When you repeat the listing, keep every character as it is.

## [INPUT MATERIAL]
####################

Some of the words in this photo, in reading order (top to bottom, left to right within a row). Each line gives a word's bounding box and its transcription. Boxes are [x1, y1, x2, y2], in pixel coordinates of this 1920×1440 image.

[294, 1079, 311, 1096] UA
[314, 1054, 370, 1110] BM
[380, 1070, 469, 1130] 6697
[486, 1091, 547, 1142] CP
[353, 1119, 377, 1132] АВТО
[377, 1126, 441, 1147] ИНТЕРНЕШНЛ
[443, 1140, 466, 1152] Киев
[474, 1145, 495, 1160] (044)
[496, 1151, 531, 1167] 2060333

####################

## [OUTPUT]
Some of the words in this photo, in reading order (top to bottom, left to right within a row). Each line gives a word's bounding box and its transcription. Boxes are [x1, y1, x2, y2], in pixel coordinates of this 1920×1440 image.

[294, 1079, 311, 1096] UA
[314, 1054, 370, 1110] BM
[380, 1070, 469, 1130] 6697
[486, 1091, 547, 1142] CP
[353, 1119, 377, 1132] АВТО
[377, 1126, 441, 1147] ИНТЕРНЕШНЛ
[443, 1140, 466, 1152] Киев
[474, 1145, 495, 1160] (044)
[496, 1151, 531, 1167] 2060333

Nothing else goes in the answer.